It had a vulnerability, but not a severe one, and certainly not one that could be exploited silently or lead to retroactive message decryption.
The vulnerability was: If you pwn the server, you can join a group without being invited, which means subsequent messages would be plaintext to you. However, everyone gets notified of a new arrival.
> Telegram has had no such vulnerabilities as far as I'm aware.
That's because Telegram doesn't encrypt groups or channels at all.
> This reinforced my impression that HN's mantra that "Telegram's encryption is bad" is more a personality cult to moxie than an informed opinion.
I don't particularly like Moxie, personally, but his work stands on its own merits.
EDIT: Because the wording was ambiguous, I want to clarify: I don't particularly dislike Moxie, either. I'm neutral to his personality, largely due to a lack of personal interaction with the man.

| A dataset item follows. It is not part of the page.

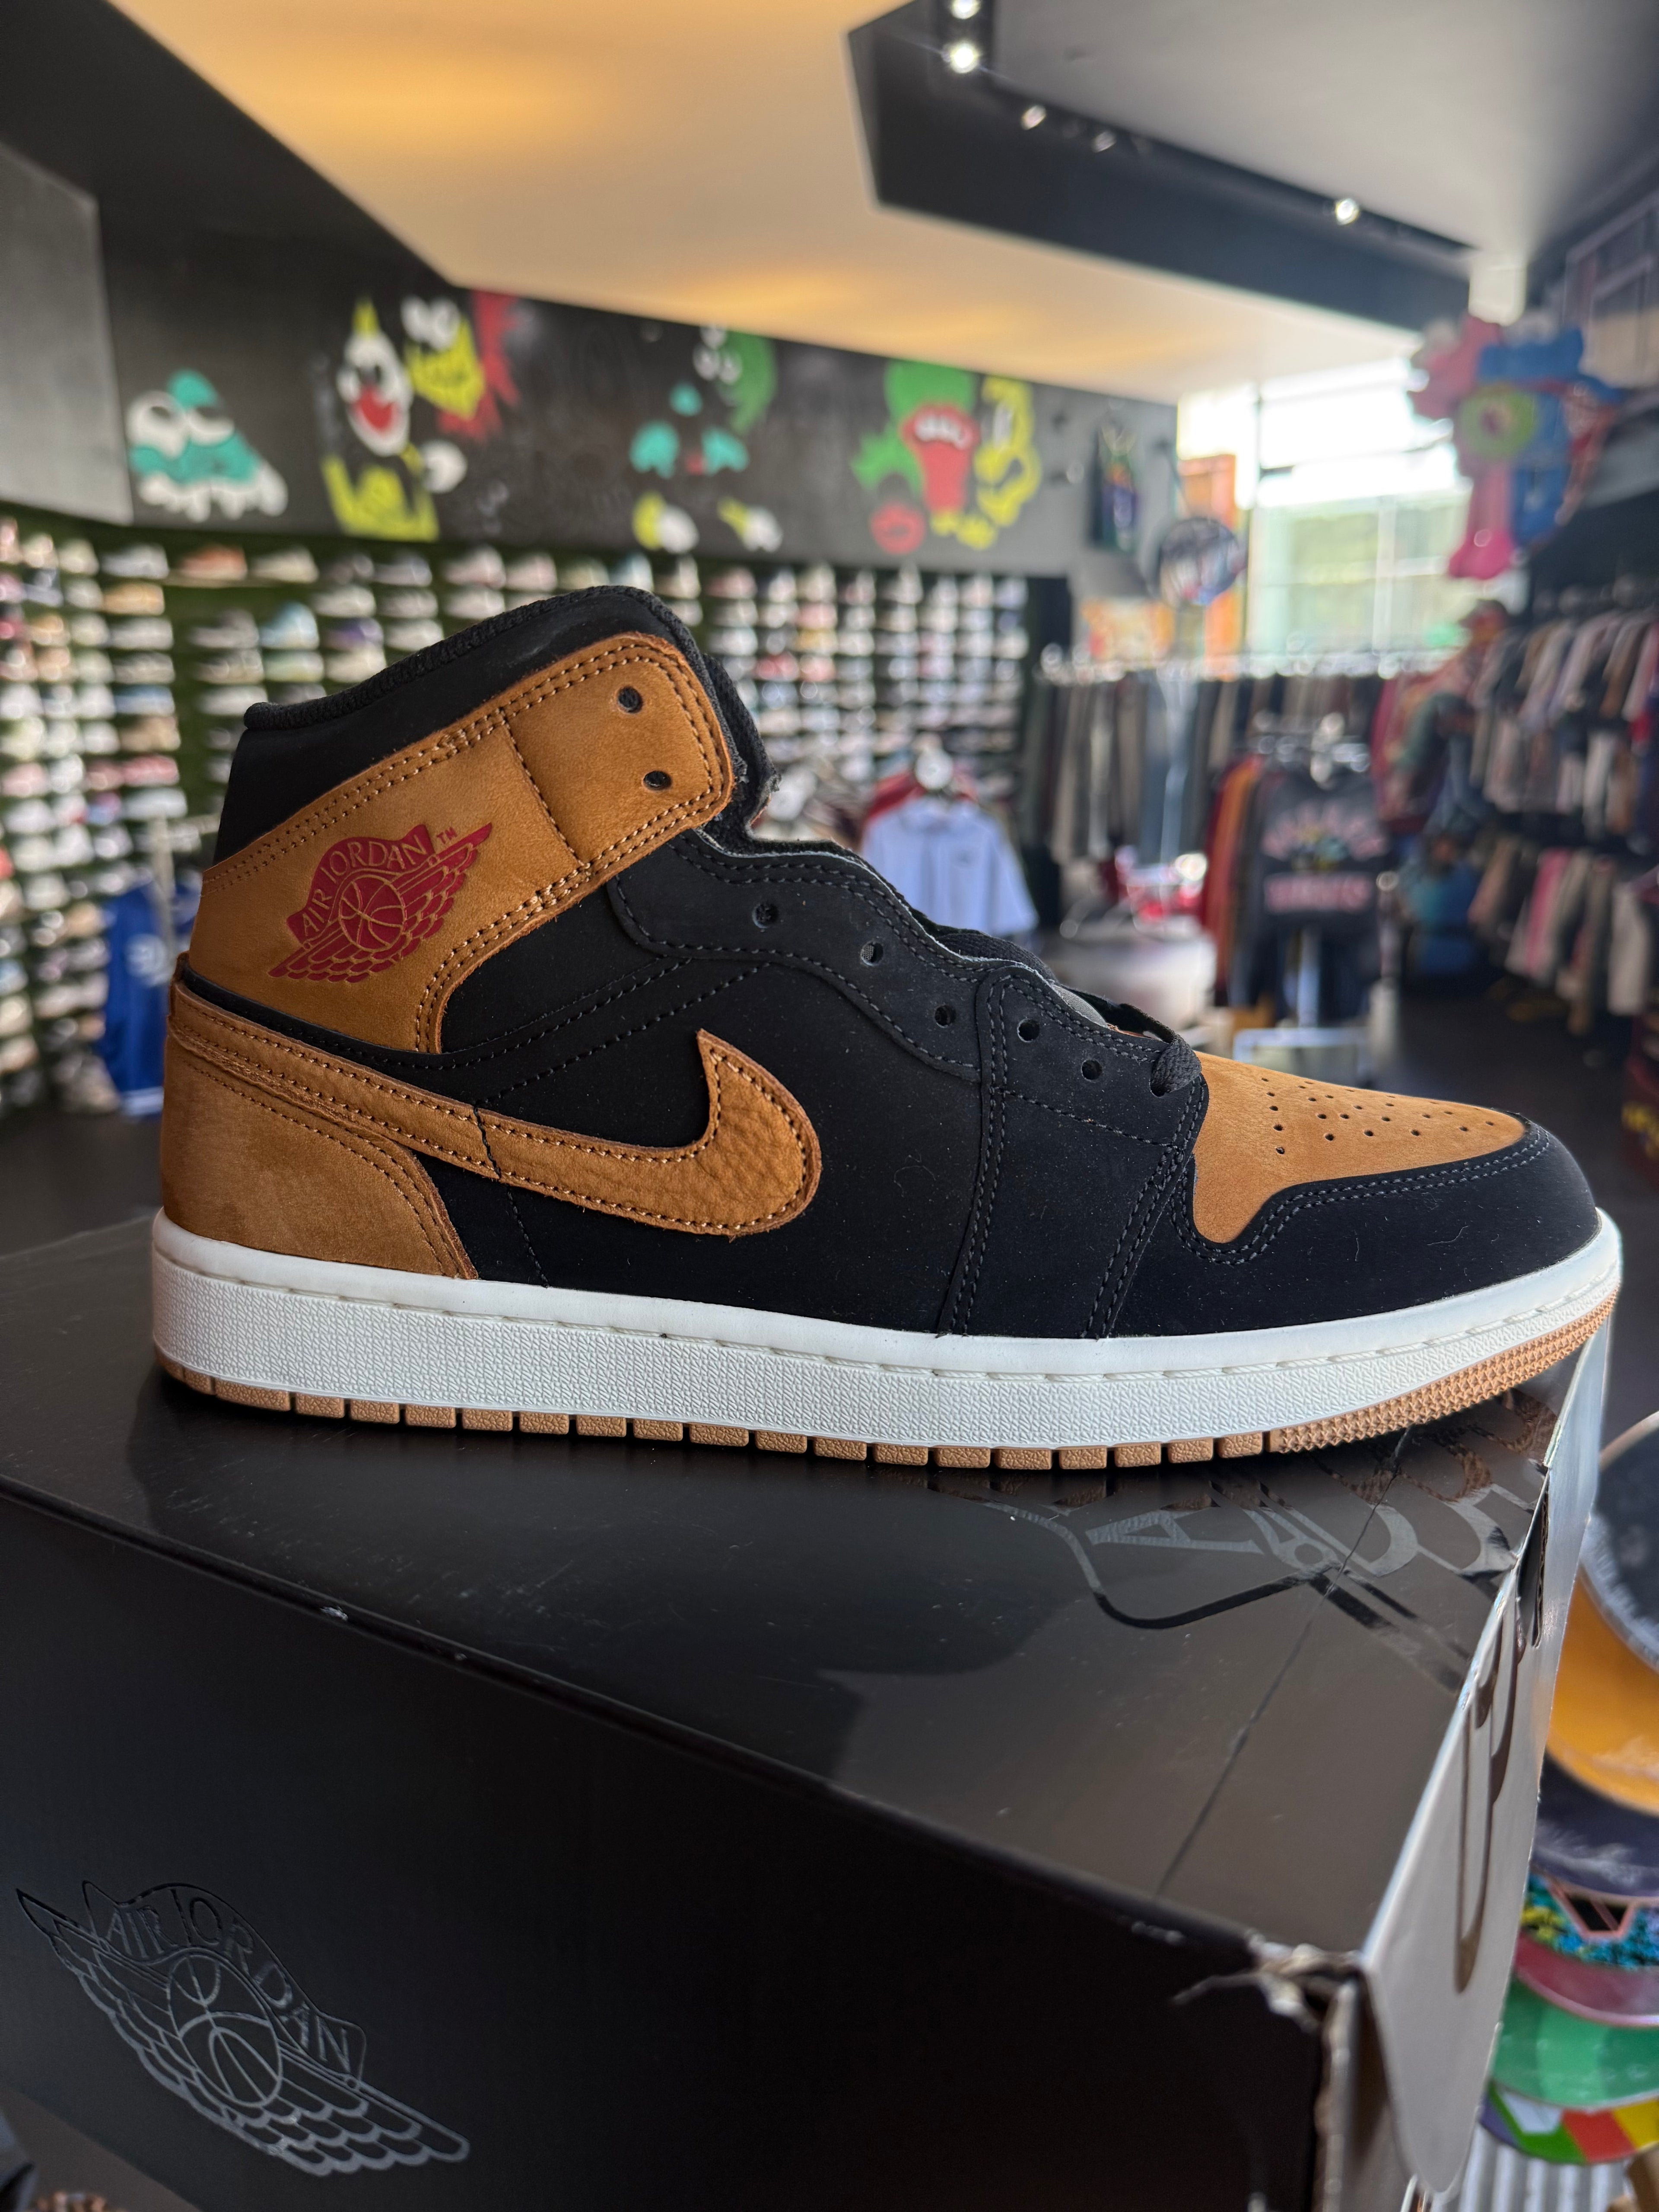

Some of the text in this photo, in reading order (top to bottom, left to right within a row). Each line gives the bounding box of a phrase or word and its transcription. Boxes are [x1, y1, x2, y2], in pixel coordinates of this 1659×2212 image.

The problem I have with WhatsApp is not a question of vulnerabilities, it's a problem of trust in ownership of the app's code. There's no way I would ever trust Facebook with anything sensitive enough to require the Signal protocol because the endpoints might be compromised at some point straight from the app itself.
If to you owning server => accessing group is not severe, then you should be happy with Telegram's default encryption: it's run of the mill SSL by default, just not E2E. If you own their servers you can read people's conversations too.
I hear you. What I meant is that although I know the guy has an excellent reputation, I know that because I heard other people say. I don't really have the technical knowledge to evaluate it myself, and I suspect 99% of the people in HN are in the same position. Therefore, if I were to say "Signal's security is excellent" I would be falling for the cult of Moxie myself, not an informed opinion.